# FAQs

### About the project

<details>

<summary>What is Dataverse?</summary>

Dataverse is a freely-accessible open-source project that supports your **ETL pipeline with Python**. We offer a simple, standardized and user-friendly solution for data processing and management, catering to the needs of data scientists, analysts, and developers in LLM era.

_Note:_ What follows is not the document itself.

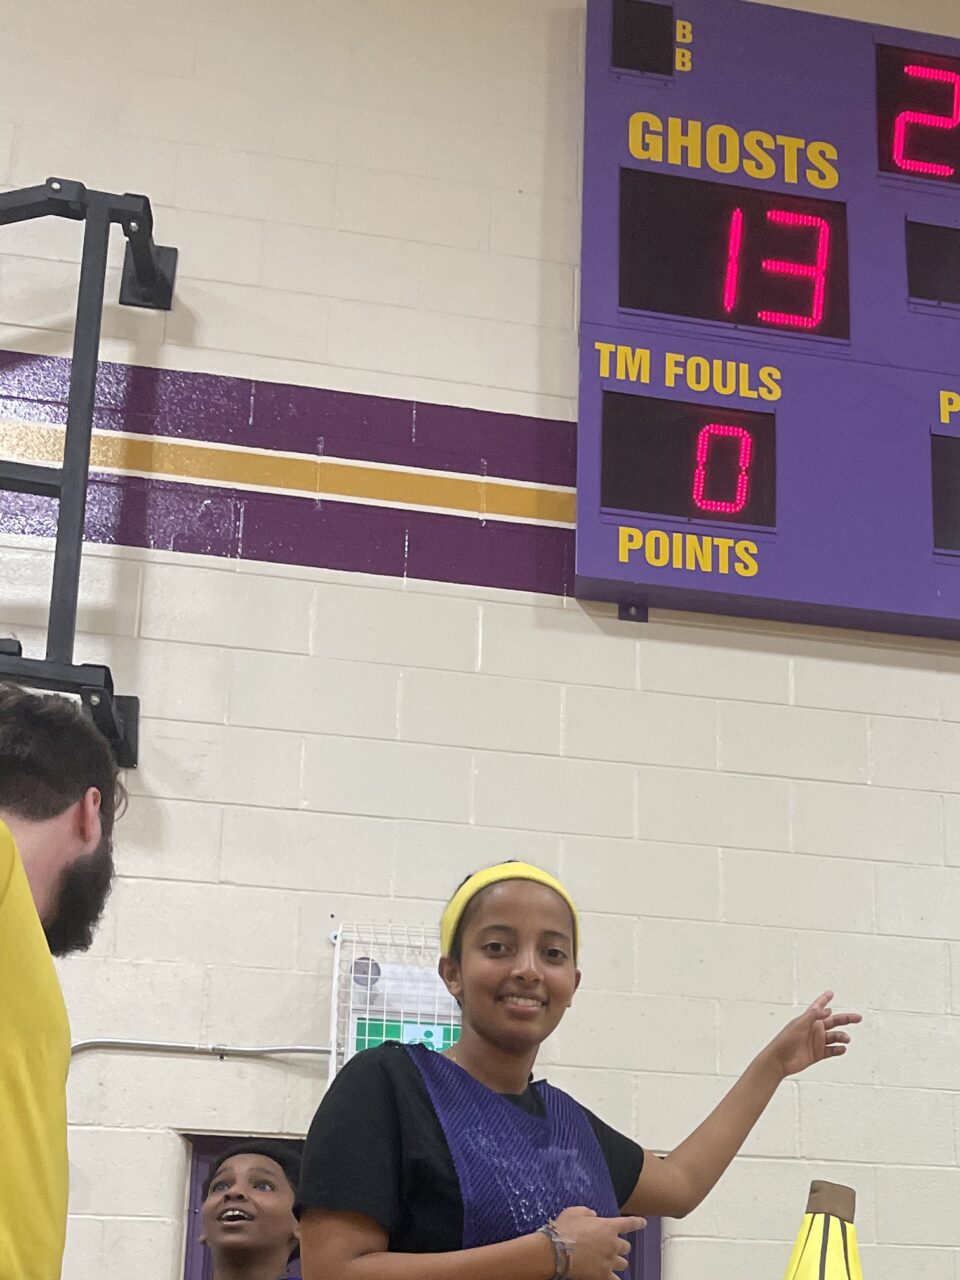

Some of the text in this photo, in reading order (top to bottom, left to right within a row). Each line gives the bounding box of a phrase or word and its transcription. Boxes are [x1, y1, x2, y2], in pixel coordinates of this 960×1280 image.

Even though you don't know much about Spark, you can use it easily via *dataverse*.

</details>

<details>

<summary>Who would use Dataverse?</summary>

Dataverse is ideal for anyone who works with data, including:

**Data Scientists:**

* Dataverse can help data scientists quickly and easily prepare data for analysis, including tasks such as cleaning, transforming, and loading data.
* Dataverse provides a unified interface for data processing tasks, making it easy to use for users of all skill levels.
* Dataverse leverages the power of Spark to deliver high-performance data processing capabilities.

**Developers:**

* Dataverse can help developers build data-driven applications.
* Dataverse can be used to build scalable and reliable data pipelines.

</details>

<details>

<summary>Why should I use Dataverse?</summary>

* **Enhanced productivity**: Dataverse streamline your workflow by integrating multiple preprocessing libraries into one, eliminating the hassle of settings and searching for the right tools. Furthermore, you can easily take advantages of Spark’s efficiency even if you’re not an Spark expert.
* **Improved data quality**: Elevate your data quality with a variety of preprocessing functions. Dataverse helps you to make high-quality data for analysis, manage, and train LLM, etc.
* **Facilitated collaboration**: Offer uniform preprocessing codes to ensure consistent results whether who runs the code. Dataverse also enable collaboration among users with varying levels of Spark proficiency.

</details>

<details>

<summary>When can Dataverse be used?</summary>

Using Dataverse is always encouraged! We'd love to hear how you're applying it, so please share your use cases with us on [Discord](https://discord.com/invite/DG5GGJ3qJx).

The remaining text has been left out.